I suppose, if I started doing work where I'm sharing resources
(*probably memory*) would i have to go with semaphores and locks.
I remember trying to read how to use threads in the past in C/C++
and it was a headache to setup where i just gave up.

I assume it's best to divide work up where it can be completed
without competing for resources or race conditions, hefty enough
work to make it worth the cost of instantiating the thread in the
first place. So aside from the library documentation is there a
good source for learning/using parallel and best practices? I'll
love to be using more of this in the future if it isn't as big a
blunder as it's made out to be.

> Not using in the actual loop should make the code faster even
> without threads because having a function call in the hot code
> will mean compilers optimizer will give up on certain
> transformations - i.e. do all the work as compactly as possible
> then output the data in one step at the end.
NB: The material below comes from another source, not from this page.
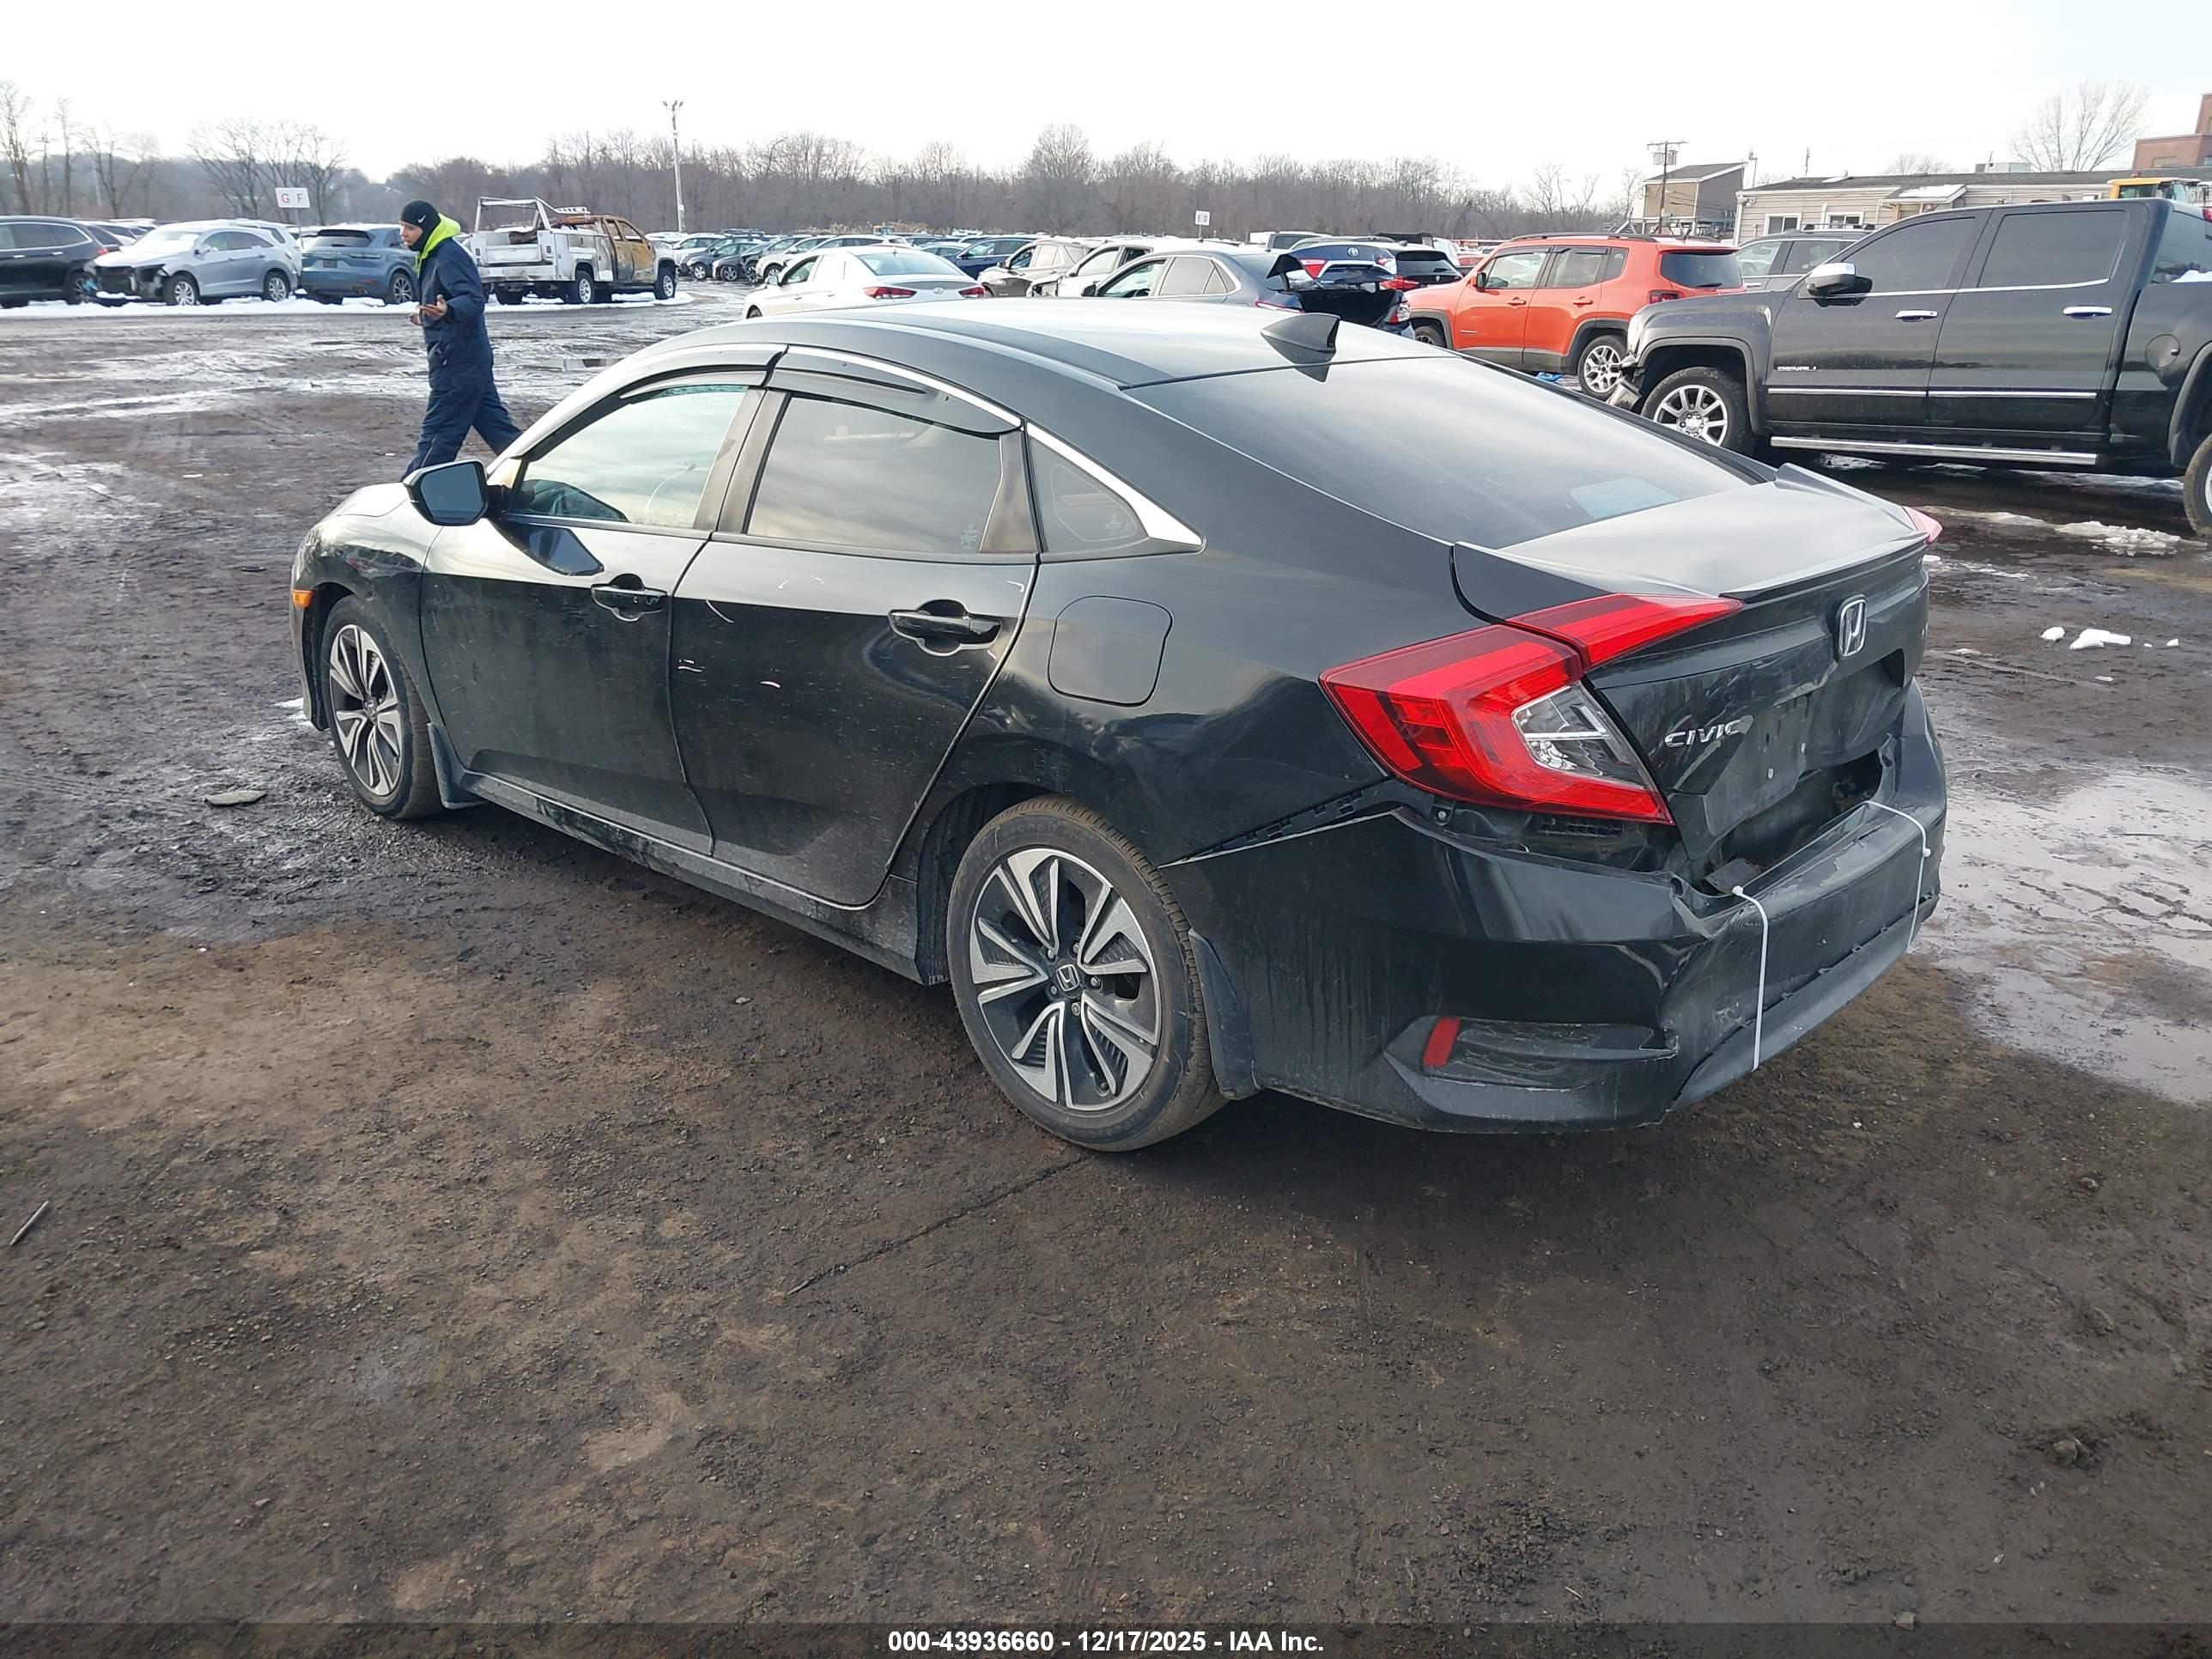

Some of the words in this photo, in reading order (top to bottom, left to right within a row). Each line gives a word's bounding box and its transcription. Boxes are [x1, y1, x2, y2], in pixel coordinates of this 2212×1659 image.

In this case I'm not sure how long each step takes, so I'm
hoping intermediary results i can copy by hand will work (*it may
take a second or several minutes*). If this wasn't a brute force
elimination of so many combinations I'm sure a different approach
would work.

On 27/12/2021 12:10 AM, max haughton wrote:
> It'll speed it up significantly.
>
> Standard IO has locks in it. So you end up with all
> calculations grinding to a halt waiting for another thread to
> finish doing something.

I assume that's only when they are trying to actually use it?
Early in the cycles (*under 30*) they were outputting quickly,
but after 31 it can be minutes between results, and each thread
(*if I'm right*) is working on a different number. So ones found
where 3,5,9 are pretty fast while all the others have a lot of
failures before i get a good result.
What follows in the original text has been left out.